Work item:
Quote the listing below in full and exactly as written, but omit every picture.

The records:

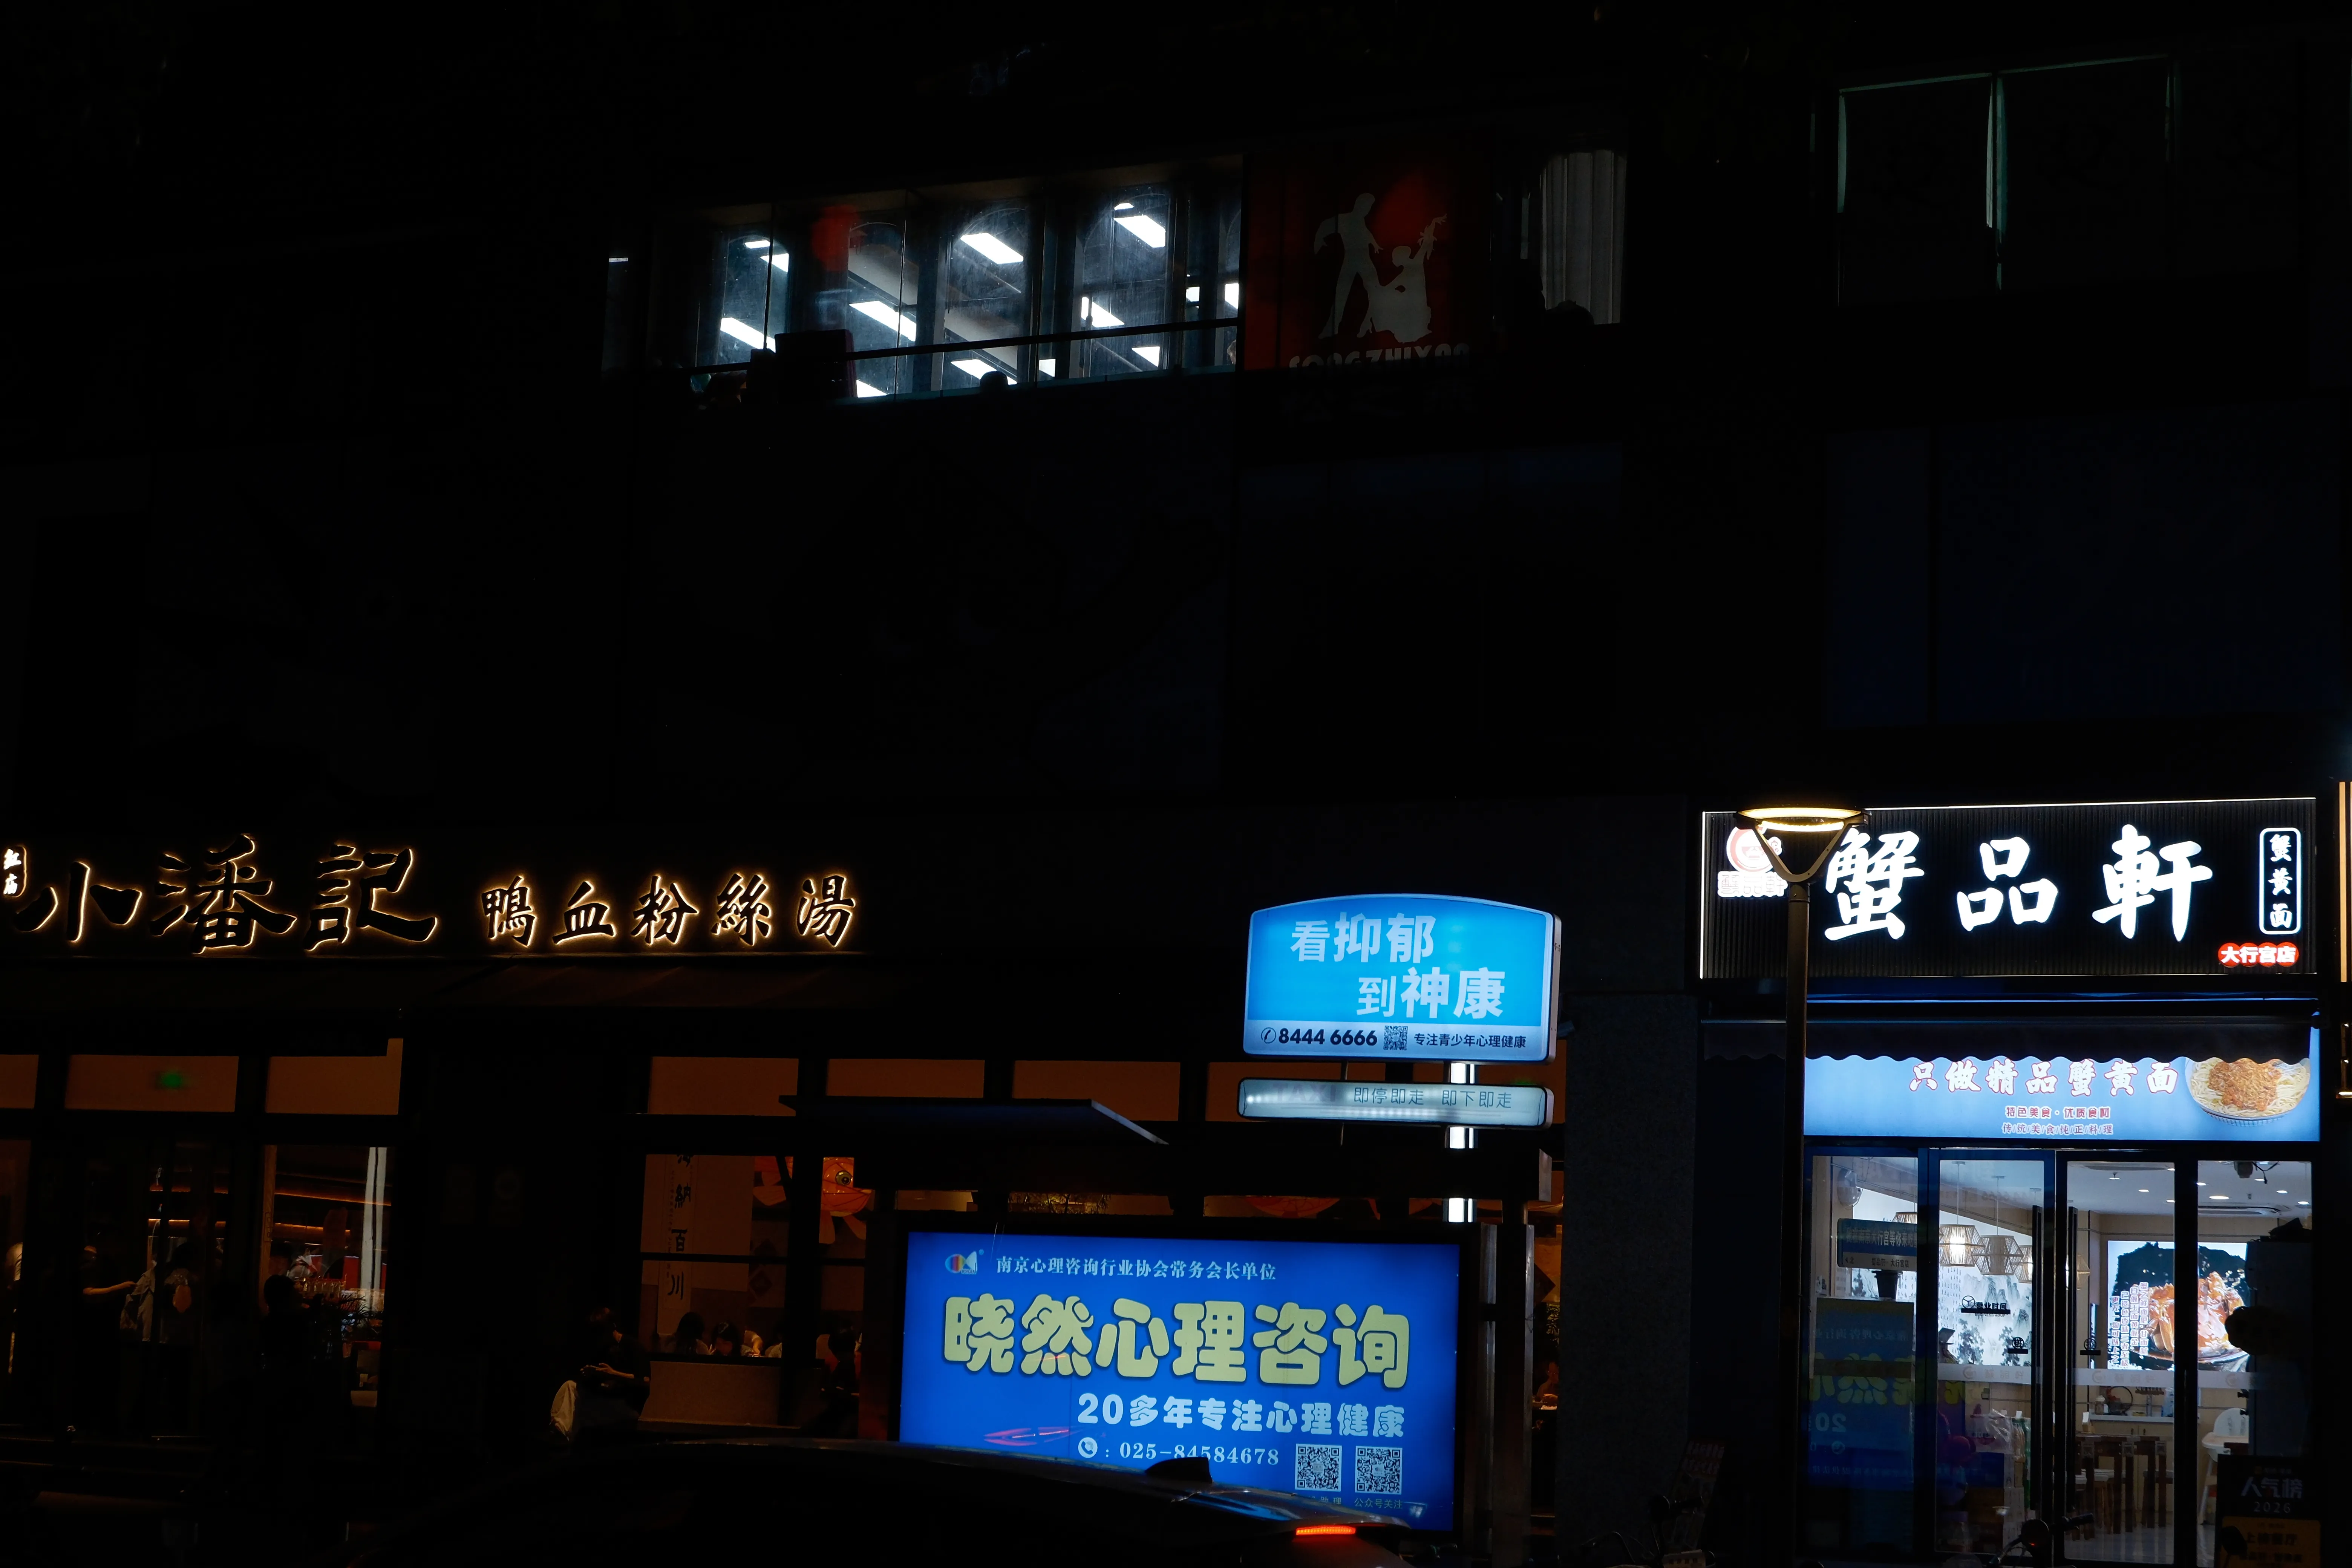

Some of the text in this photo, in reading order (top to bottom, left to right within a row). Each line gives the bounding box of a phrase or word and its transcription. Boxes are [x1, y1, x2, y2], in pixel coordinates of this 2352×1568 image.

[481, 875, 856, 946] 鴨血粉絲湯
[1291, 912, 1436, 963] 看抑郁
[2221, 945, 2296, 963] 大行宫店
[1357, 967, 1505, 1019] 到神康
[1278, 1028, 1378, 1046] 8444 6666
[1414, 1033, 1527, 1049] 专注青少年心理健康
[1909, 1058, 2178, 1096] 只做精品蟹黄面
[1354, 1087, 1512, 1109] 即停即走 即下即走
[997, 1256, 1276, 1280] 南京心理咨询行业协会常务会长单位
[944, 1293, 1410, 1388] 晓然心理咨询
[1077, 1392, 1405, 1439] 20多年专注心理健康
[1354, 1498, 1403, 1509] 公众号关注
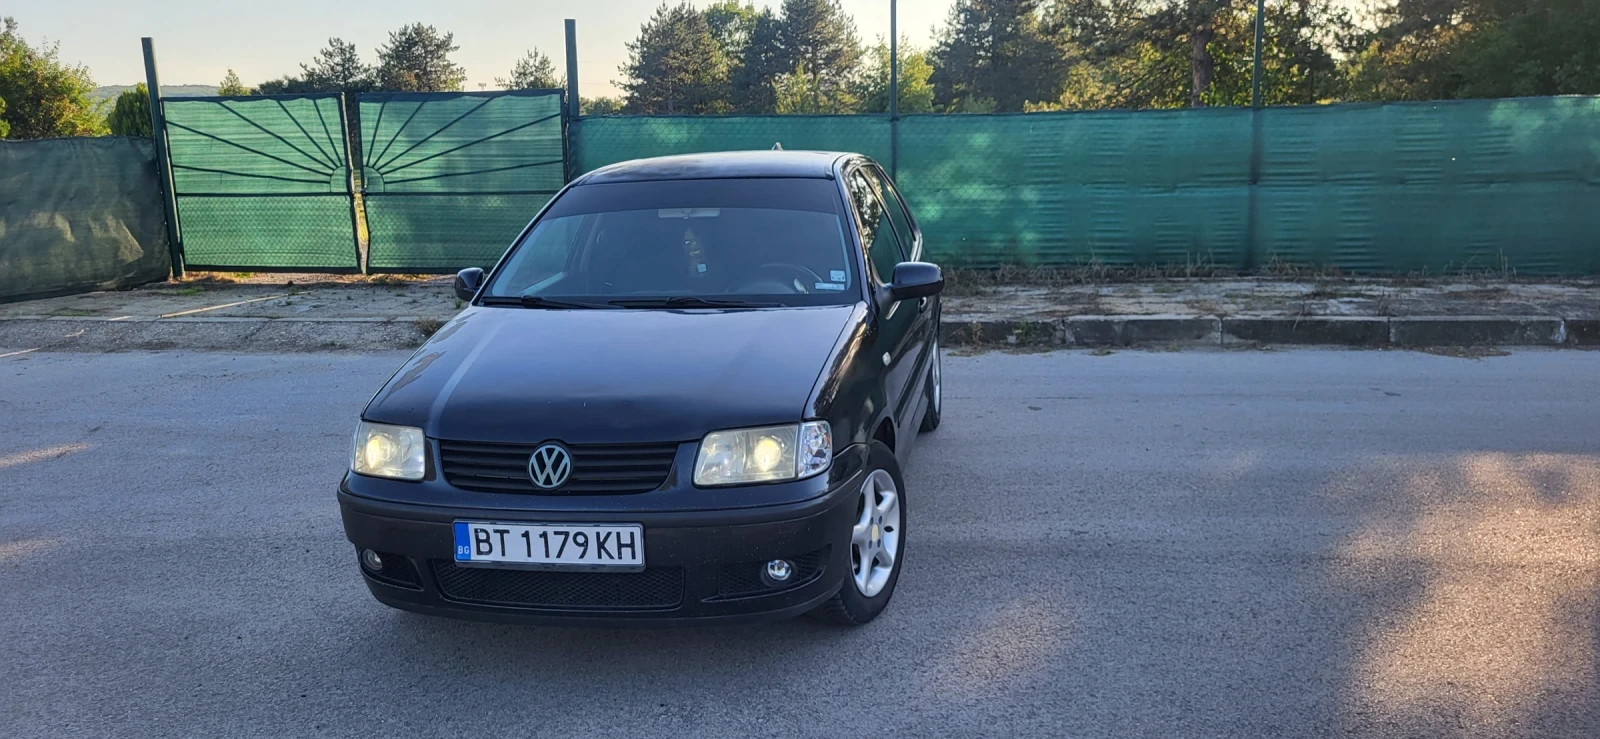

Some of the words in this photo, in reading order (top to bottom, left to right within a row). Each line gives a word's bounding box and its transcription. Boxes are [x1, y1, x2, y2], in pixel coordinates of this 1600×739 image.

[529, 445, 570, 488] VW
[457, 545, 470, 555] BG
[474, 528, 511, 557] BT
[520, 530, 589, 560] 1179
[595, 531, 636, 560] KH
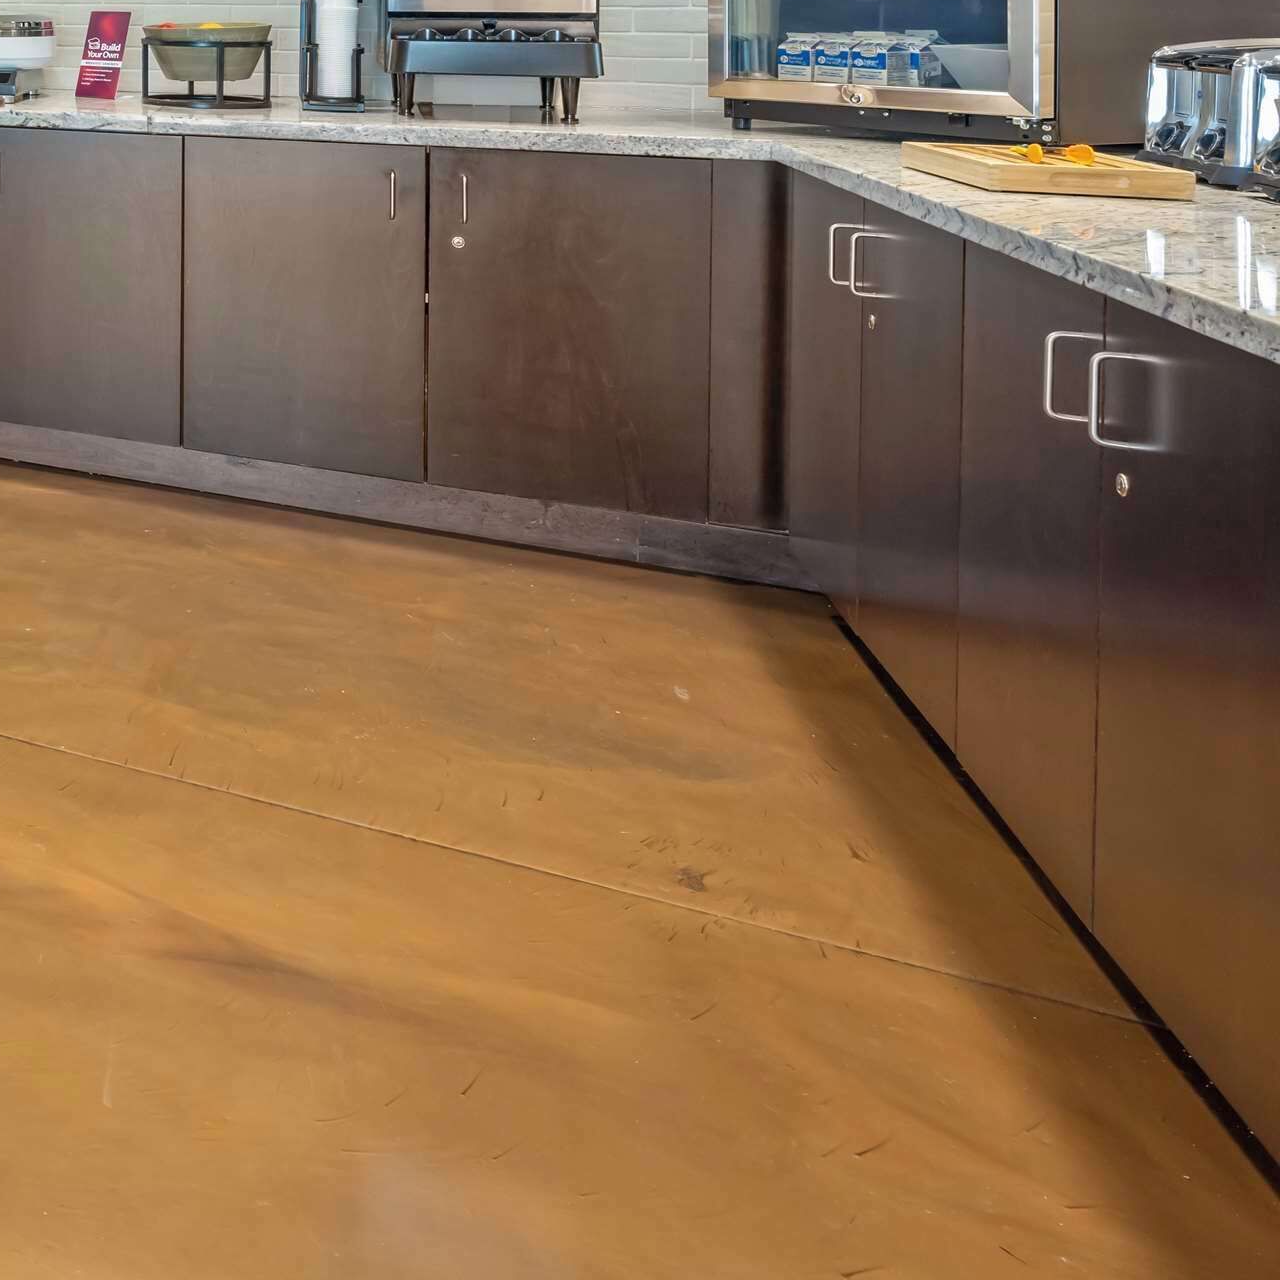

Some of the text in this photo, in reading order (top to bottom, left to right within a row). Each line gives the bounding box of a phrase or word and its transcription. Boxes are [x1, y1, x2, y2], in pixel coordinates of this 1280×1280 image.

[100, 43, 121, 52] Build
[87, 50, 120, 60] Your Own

Expected output:
Some of the text in this photo, in reading order (top to bottom, left to right within a row). Each line gives the bounding box of a phrase or word and its transcription. Boxes are [x1, y1, x2, y2], in pixel coordinates of this 2352×1568 image.

[481, 875, 856, 946] 鴨血粉絲湯
[1291, 912, 1436, 963] 看抑郁
[2221, 945, 2296, 963] 大行宫店
[1357, 967, 1505, 1019] 到神康
[1278, 1028, 1378, 1046] 8444 6666
[1414, 1033, 1527, 1049] 专注青少年心理健康
[1909, 1058, 2178, 1096] 只做精品蟹黄面
[1354, 1087, 1512, 1109] 即停即走 即下即走
[997, 1256, 1276, 1280] 南京心理咨询行业协会常务会长单位
[944, 1293, 1410, 1388] 晓然心理咨询
[1077, 1392, 1405, 1439] 20多年专注心理健康
[1354, 1498, 1403, 1509] 公众号关注

Some of the words in this photo, in reading order (top to bottom, left to right within a row). Each line gives a word's bounding box and its transcription. Boxes are [x1, y1, x2, y2], in pixel coordinates of this 1600×739 image.

[529, 445, 570, 488] VW
[457, 545, 470, 555] BG
[474, 528, 511, 557] BT
[520, 530, 589, 560] 1179
[595, 531, 636, 560] KH

Some of the text in this photo, in reading order (top to bottom, left to right within a row). Each line gives the bounding box of a phrase or word and its transcription. Boxes are [x1, y1, x2, y2], in pixel coordinates of this 1280×1280 image.

[100, 43, 121, 52] Build
[87, 50, 120, 60] Your Own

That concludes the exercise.